Nicht enger, sondern tiefer.

Wir leben in einer Zeit, die viele Menschen überfordert. Alles scheint möglich, alles ist offen – und genau das macht müde. Gerade junge Menschen spüren diese innere Unruhe sehr deutlich. Ich erlebe das im Firmkurs unserer Seelsorgeeinheit, den ich seit letztem Herbst mitgestalten darf: Da ist eine grosse Sehnsucht nach Halt, nach Sinn, nach etwas, das trägt, wenn der Boden wackelt.
Unlängst hatte ich in Zürich eine längere und sehr bewegende Begegnung mit einem jungen Priester. Intelligent, engagiert, suchend. Ein echter Mann Gottes, der aus dem reichen Schatz kirchlicher Tradition schöpft, um Menschen zu erreichen. Mit Ewiger Anbetung mitten in der Stadt, mit Katechismuskursen, mit klaren Formen des Glaubens. Junge Menschen finden bei ihm einen Anker. Sie suchen Verlässlichkeit, Orientierung, eine Sprache für das Heilige. Diese Suchbewegung nehme ich mit grossem Respekt ernst.

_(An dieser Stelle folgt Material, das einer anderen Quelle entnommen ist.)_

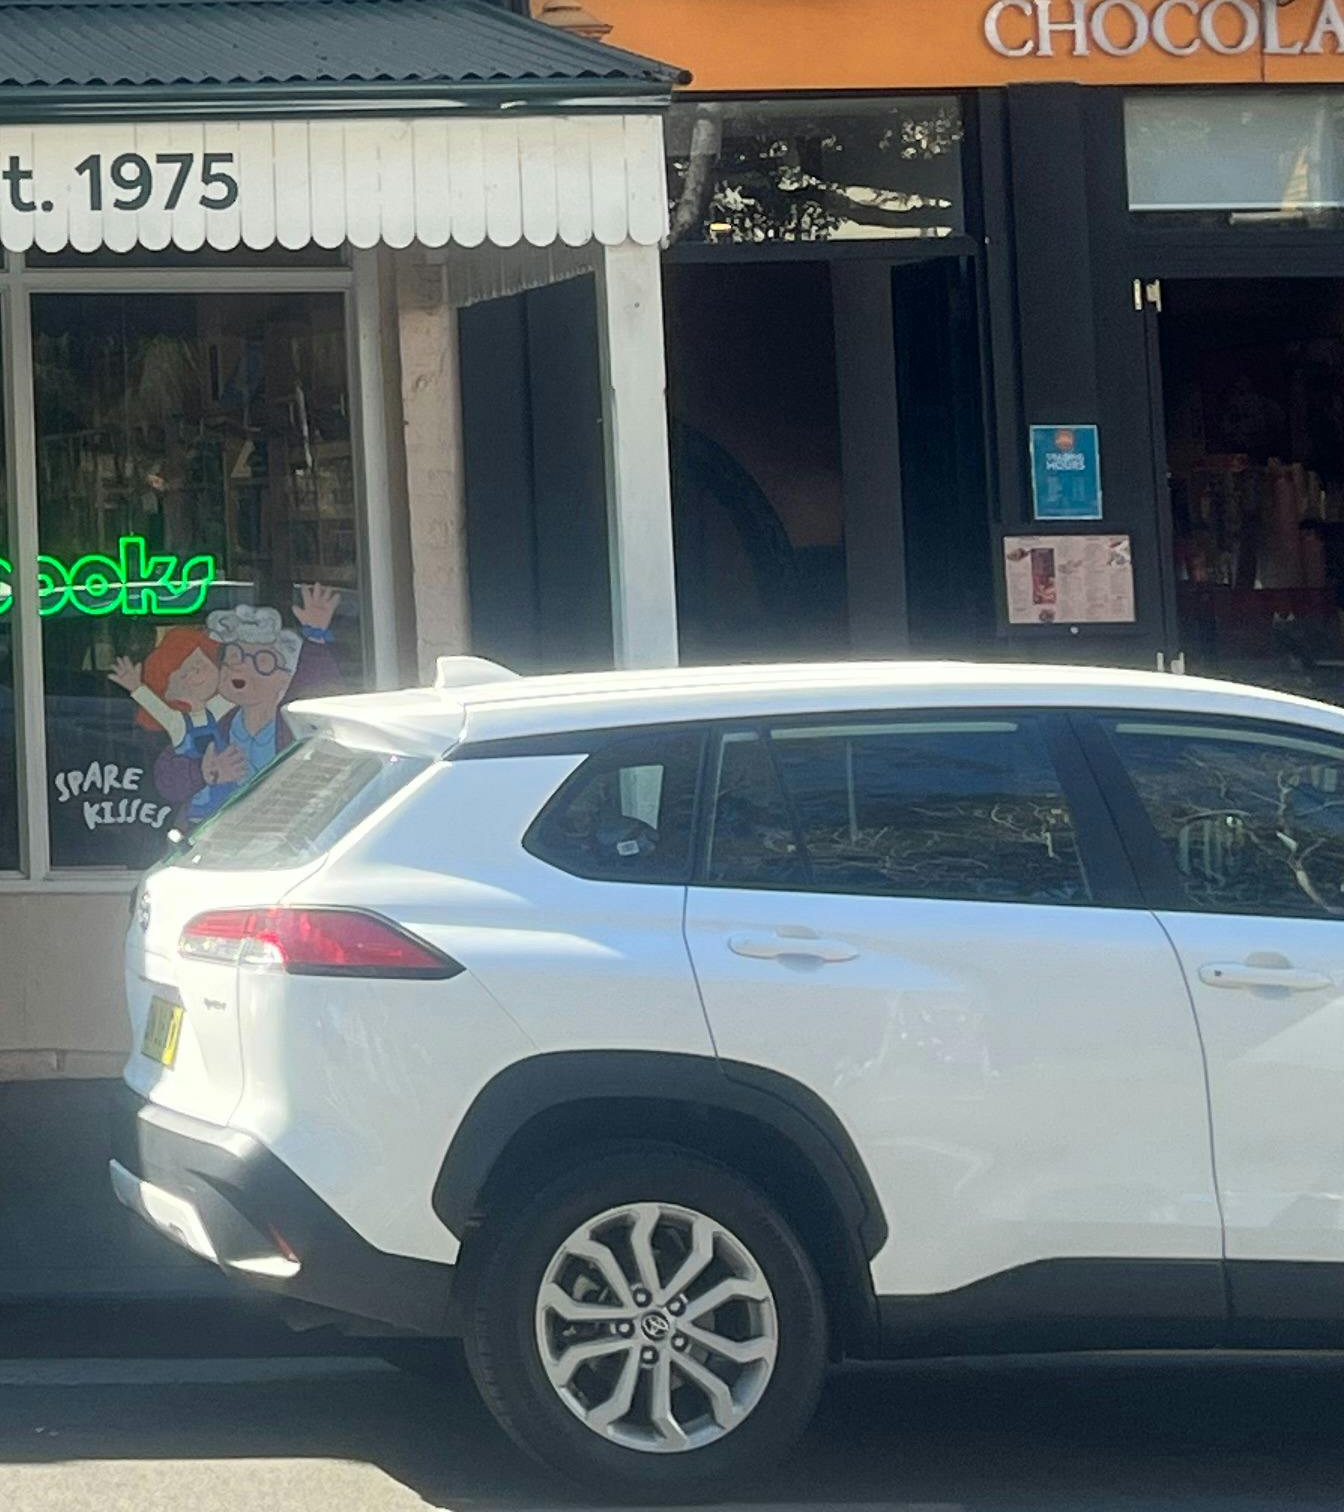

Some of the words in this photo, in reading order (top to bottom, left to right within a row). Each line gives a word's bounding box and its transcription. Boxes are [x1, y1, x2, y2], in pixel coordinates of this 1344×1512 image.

[74, 152, 239, 212] 1975
[54, 761, 144, 803] SPARE
[83, 798, 172, 830] KISSES
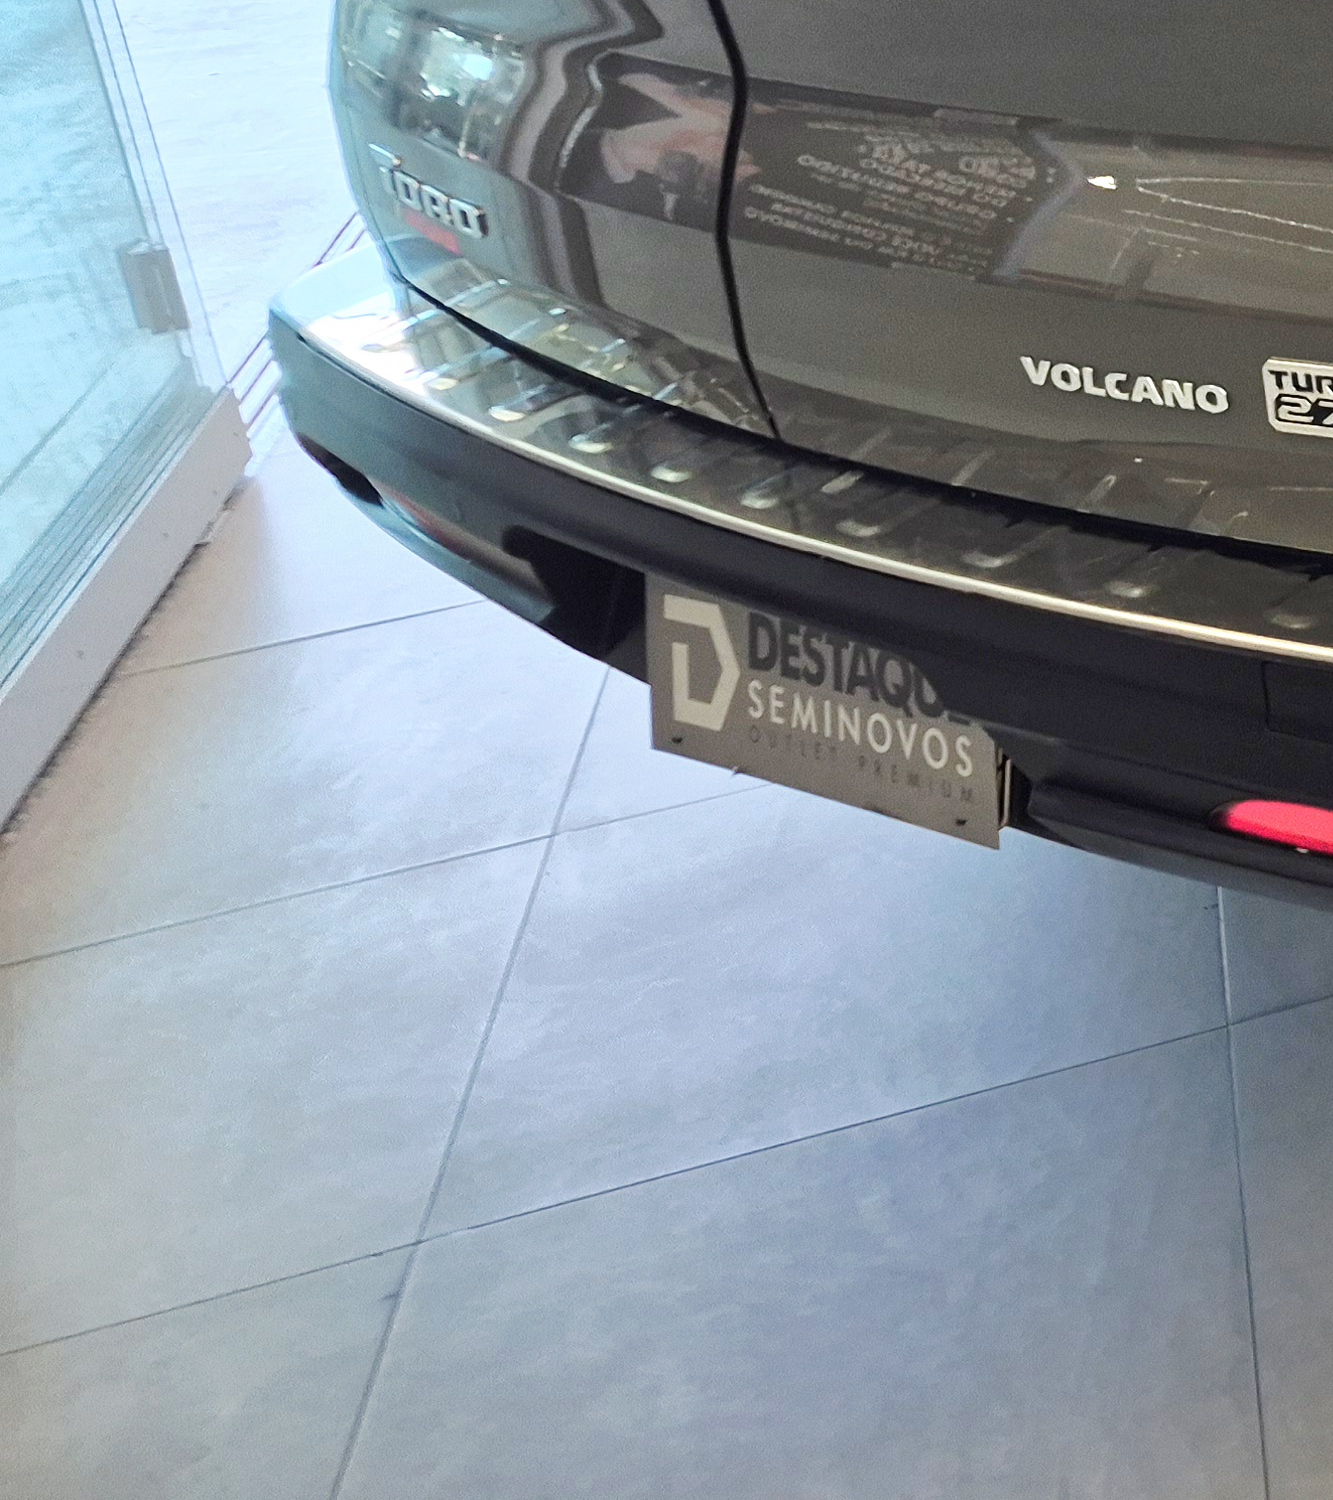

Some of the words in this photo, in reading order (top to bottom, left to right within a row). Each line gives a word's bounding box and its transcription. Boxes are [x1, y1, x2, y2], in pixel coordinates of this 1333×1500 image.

[367, 142, 489, 239] TORO
[1020, 356, 1229, 415] VOLCANO
[748, 610, 972, 726] DESTAQU
[748, 679, 974, 777] SEMINOVOS

Gleichzeitig stellt sich mir eine Frage, die mich nicht loslässt: Geht es am Ende darum, Menschen wieder enger an die Kirche zu binden? Oder geht es nicht tiefer – um den Zugang zu Gott selbst? Zu jener Urkraft des Lebens, die uns vorausgeht und uns trägt, auch dann, wenn Sicherheiten bröckeln?

Für mich ist klar: Die Kirche ist nicht das Ziel. Sie ist der Weg. Ein wertvoller, manchmal sperriger, manchmal tröstender Weg. Das Ziel aber ist ein befreites Leben. Ein Leben, das im Innersten verankert ist. Ein Leben im Urvertrauen, dass wir gehalten sind – nicht weil alles gelingt, sondern gerade auch dann, wenn es schwierig wird.
Katholische Gipfelstürmer waren nie das Ziel jesuitischer Nachfolge. Sondern Menschen, die sich von Gott bewegen und führen lassen. Ich glaube: Die Kirche hat in dieser Zeit ihre grösste Chance dort, wo sie Menschen – jung und alt – in eine lebendige Begegnung mit dem Gott Jesu Christi führt. Nicht enger. Sondern tiefer.